--- ENTRIES SHOWN Enclosed Below ---

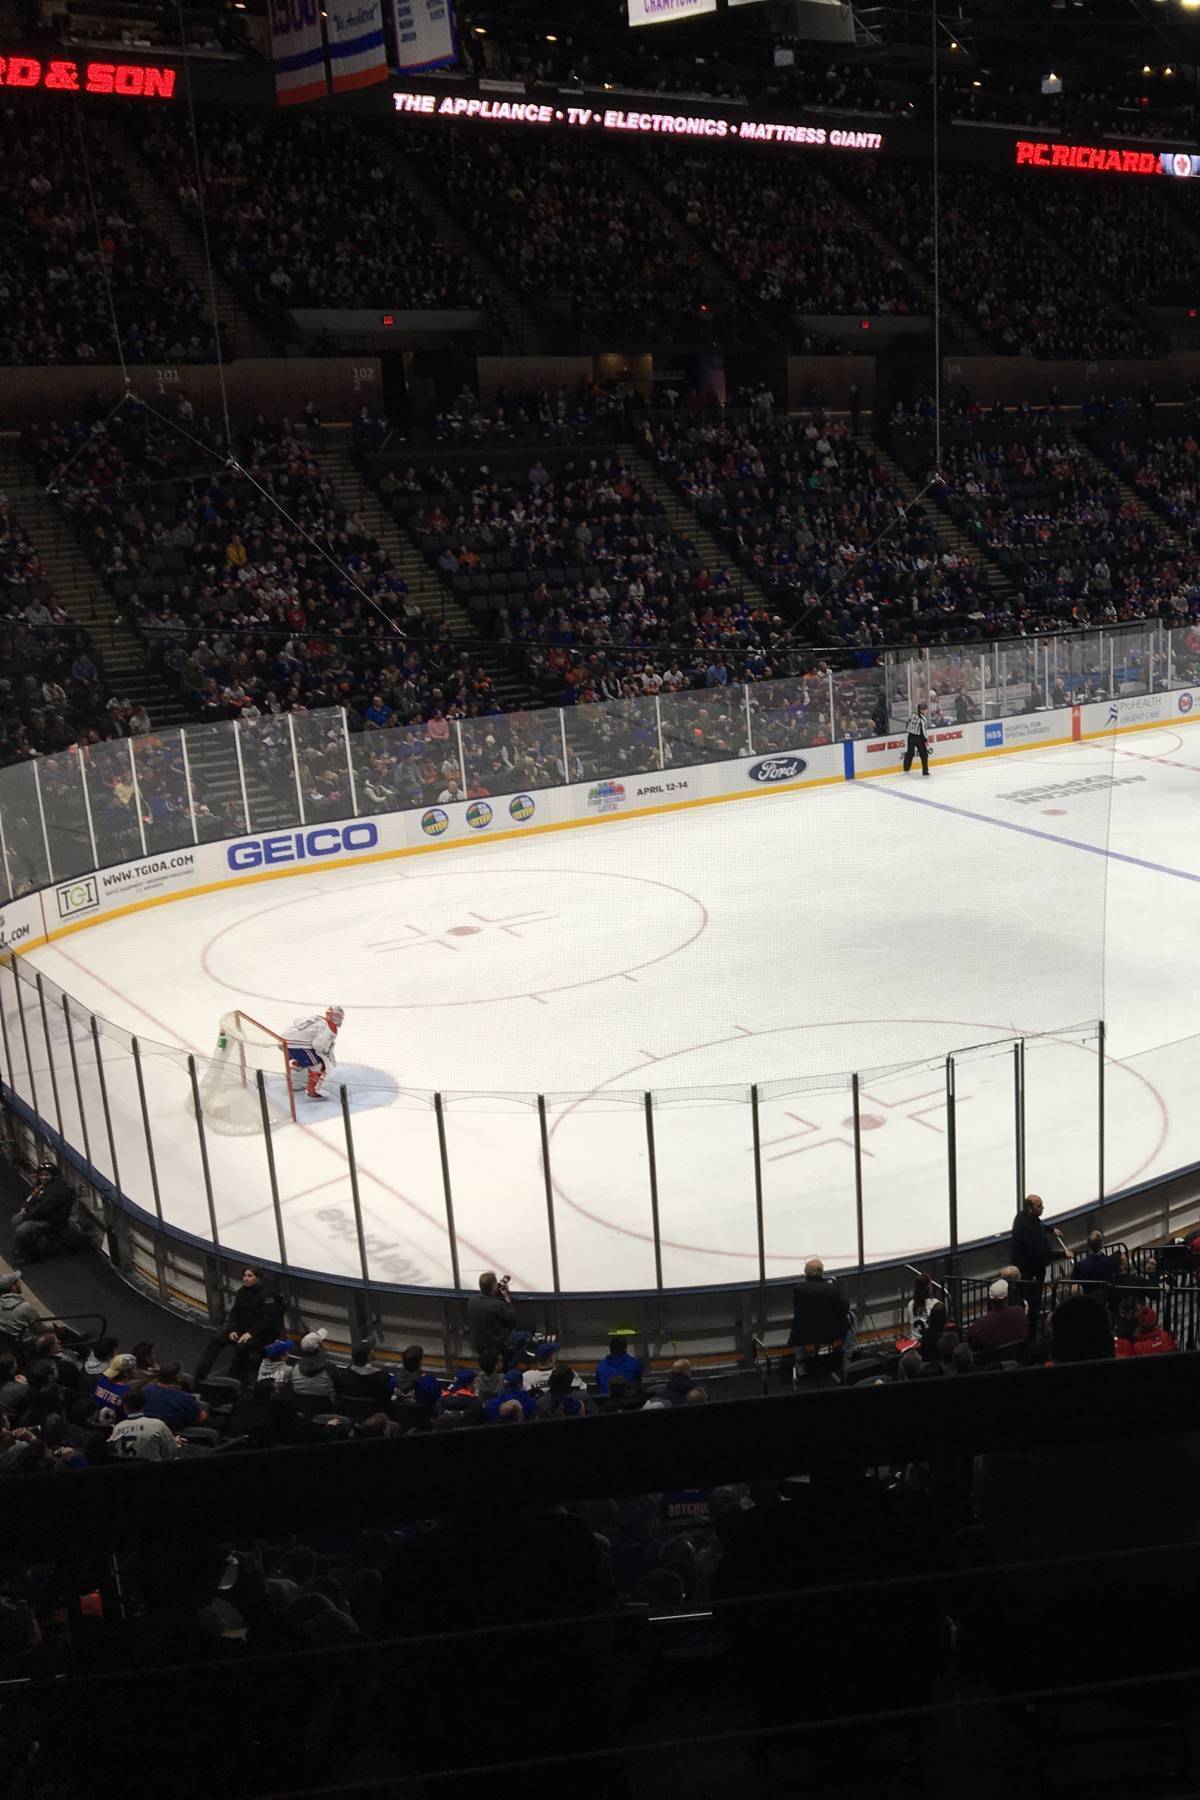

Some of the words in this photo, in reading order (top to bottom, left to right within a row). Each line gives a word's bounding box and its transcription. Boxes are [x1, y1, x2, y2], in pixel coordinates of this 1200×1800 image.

[0, 57, 41, 87] D
[45, 61, 79, 90] &
[86, 63, 176, 98] SON
[393, 92, 436, 113] THE
[438, 96, 553, 122] APPLIANCE
[567, 107, 592, 125] TV
[604, 110, 727, 136] ELECTRONICS
[739, 121, 826, 145] MATTRESS
[829, 129, 882, 149] GIANT!
[1051, 144, 1156, 174] RICHARD
[986, 730, 1002, 740] HSS
[758, 757, 798, 781] Ford
[636, 783, 664, 797] APRIL
[666, 780, 688, 792] 12-14
[227, 822, 378, 871] GEICO
[102, 854, 195, 887] WWW.TGIOA.COM

--- End of Enclosed ENTRIES SHOWN ---

__TASK PROMPT__
Each record must be quoted in full and exactly. Do not include the pictures.

__RESULT OF THIS TASK__
Some of the words in this photo, in reading order (top to bottom, left to right within a row). Each line gives a word's bounding box and its transcription. Boxes are [x1, y1, x2, y2], in pixel coordinates of this 1200×1800 image.

[0, 57, 41, 87] D
[45, 61, 79, 90] &
[86, 63, 176, 98] SON
[393, 92, 436, 113] THE
[438, 96, 553, 122] APPLIANCE
[567, 107, 592, 125] TV
[604, 110, 727, 136] ELECTRONICS
[739, 121, 826, 145] MATTRESS
[829, 129, 882, 149] GIANT!
[1051, 144, 1156, 174] RICHARD
[986, 730, 1002, 740] HSS
[758, 757, 798, 781] Ford
[636, 783, 664, 797] APRIL
[666, 780, 688, 792] 12-14
[227, 822, 378, 871] GEICO
[102, 854, 195, 887] WWW.TGIOA.COM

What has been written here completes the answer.